LME MORNING - Metals soggy, downbeat macroeconomic mood weighs

By: Martin Hayes

London 09/07/2012 - Base metals were mixed during Monday LME premarket  trading, with an early tentative bounce stalling, due to softer financial sector sentiment and with the euro threatening a test of Friday's two-year lows.

"It is flat, unexciting and a bit wait-and-see. Nothing has changed much in the big picture," a trader said.

Sentiment remains tilted to the downside, with a choppy week in prospect given a mix of Chinese economic figures and US second-quarter earnings results.

Today, Chinese inflation data undershot - the CPI came in at 2.2 percent, a 29-month low, against May's 3.0 percent, which does suggest there is scope for further interest rate easing. The Chinese central bank unexpectedly cut rates last week.

The euro was slipping back under 1.23 against the dollar again, having slid to two-year lows of 1.2258 on Friday. It was around 1.2275 while eurozone finance ministers meet to discuss key elements of the accord reached at the June 28/29 EU summit.

In the short term there is little upside enthusiasm in the metals complex, given the jolt to confidence after Friday's US employment figures. Non-farm employment data for June showed that 80,000 jobs were added, well below the predicted 97,000.

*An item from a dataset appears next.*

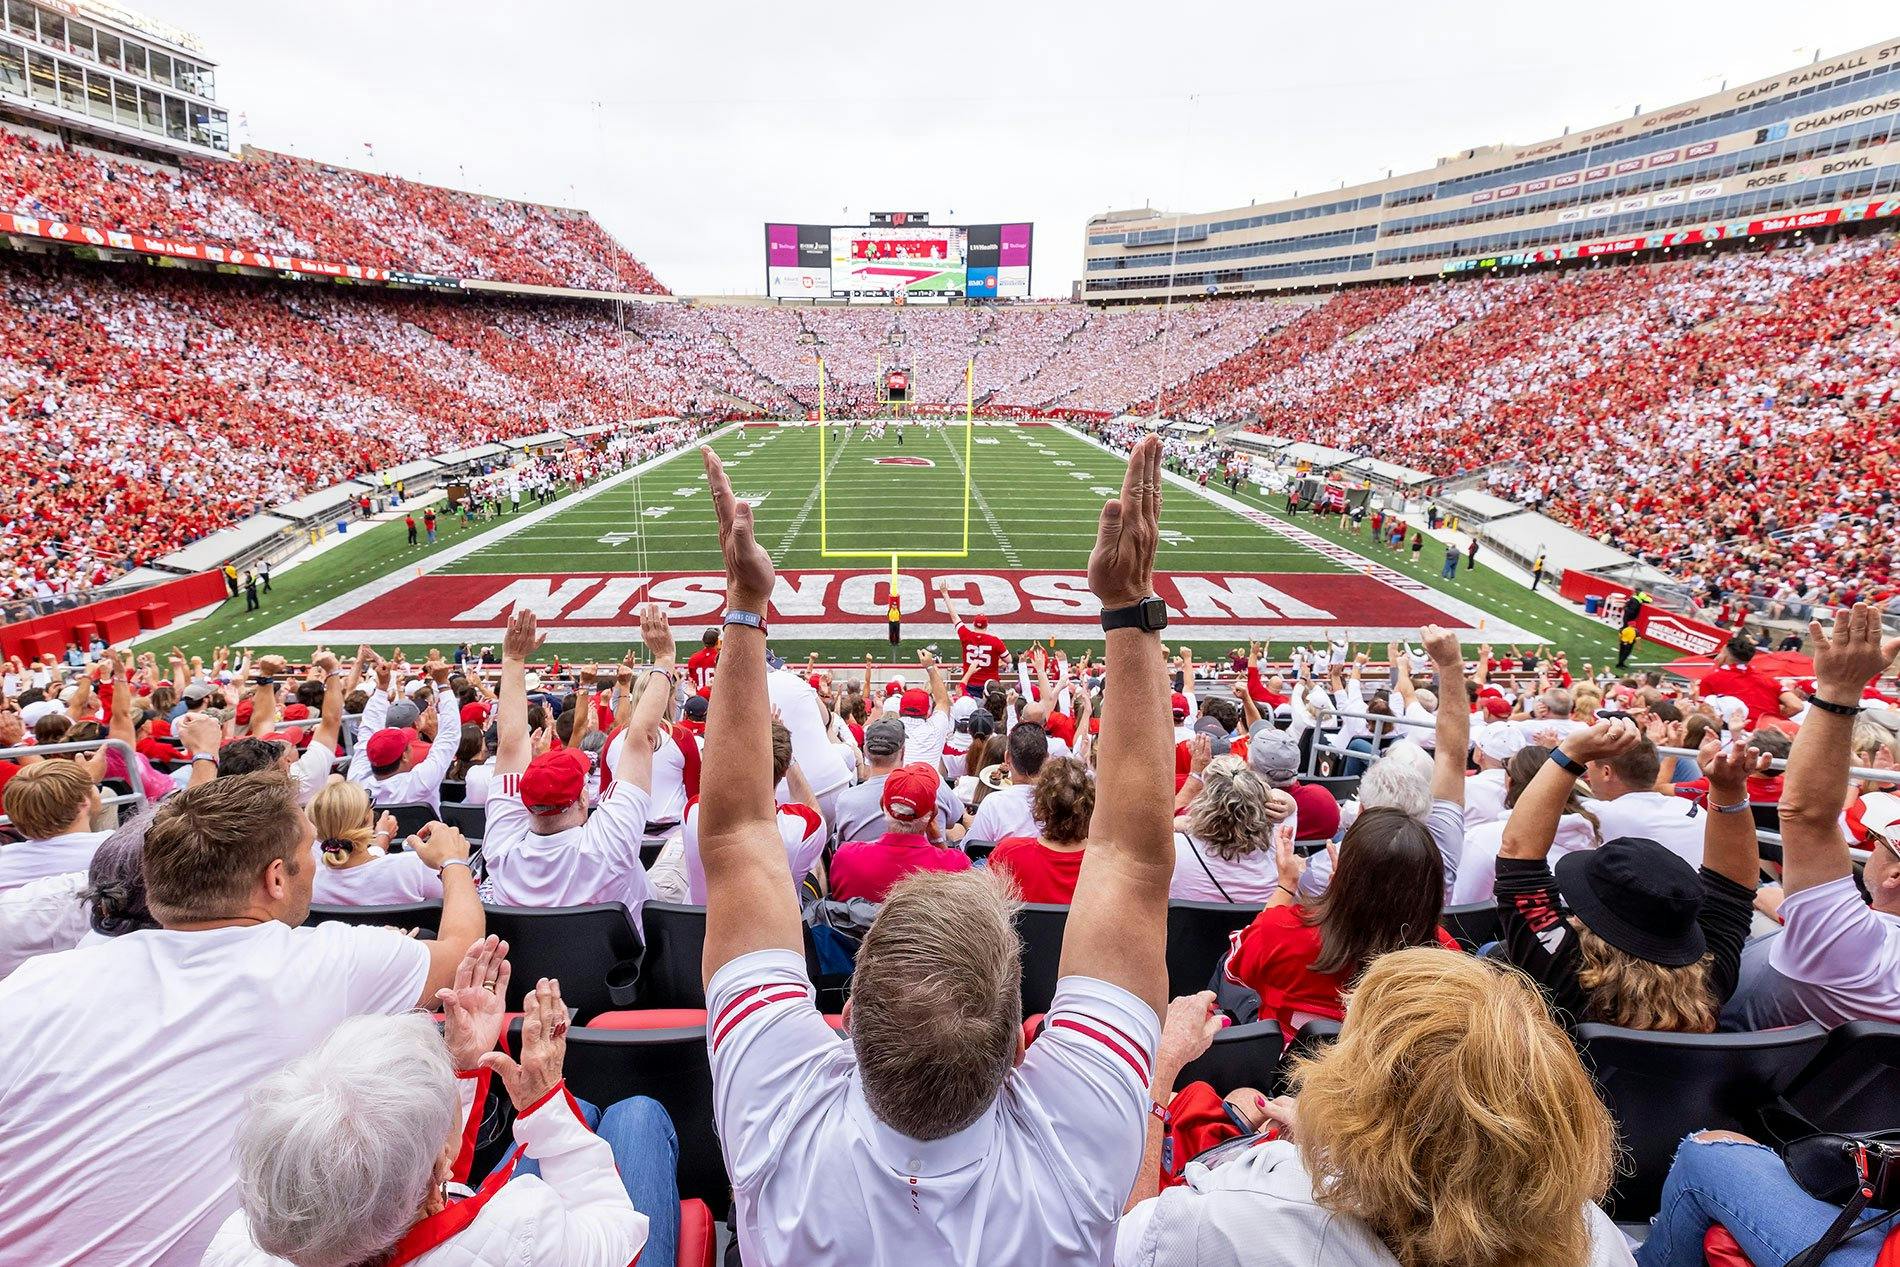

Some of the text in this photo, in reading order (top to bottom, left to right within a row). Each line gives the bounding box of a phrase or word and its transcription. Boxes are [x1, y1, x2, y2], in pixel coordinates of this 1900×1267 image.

This negated the impact of last week's monetary easing, with prices now set to struggle over the summer period. A flurry of central bank interventions last Thursday could be seen to suggest global economic growth is taking longer than expected.

"Investors seem to have given a pretty decisive response to rate cuts as the feel-good factor has been short-lived," another trader said.

For the metals, this week sees further Chinese trade figures, including GDP, at the end of the week.

"The focus of market players is now likely to turn to the preliminary Chinese trade figures for June, due to be published tomorrow morning. In May, China had already imported surprisingly high volumes of metals into the country," broker Commerzbank noted.

Markets will also be influenced by the start of the US second-quarter earnings season, which will kick off later today with aluminium producer Alcoa.


Copper was trading at $7,526 per tonne, down $4 from Friday's close but managing to hold above early lows of $7,486.25 - the weakest since June 29. Inventories declined by a net 1,100 tonnes to 253,350 tonnes.

Aluminium inched back above $1,900 to trade at $1,902, a $7 gain, but stocks jumped 10,125 tonnes to 4,828,850 tonnes due to a 20,050-tonne warranting in Vlissingen. This queue-hit location now holds 1.09 million tonnes or 22.5 percent of the stockpile, with Detroit's 1.4 million tonnes accounting for 29 percent and a similar long queue.

Zinc was just $2 higher at $1,845 - inventories fell 2,700 tonnes to 988,150 tonnes, matching a similar fall in cancelled warrants, which are now at 200,050 tonnes. A run of withdrawals has seen cancellations drop 9,125 tonnes from last week's all-time highs.

In other metals, lead traded at $1,858, down $2 - there was a 1,150-tonne stocks fall to 347,325 tonnes. Nickel business at $16,275 was up $125, although inventories climbed 1,206 tonnes to a one-month high of 105,060 tonnes, due to arrivals in Asian stores.

Tin was up just $80 at $18,580, with stocks down 150 tonnes at 12,585 tonnes. Steel was indicated at a little-changed $400/420, while in the minors cobalt was quoted at $27,000/30,000 and molybdenum was neglected.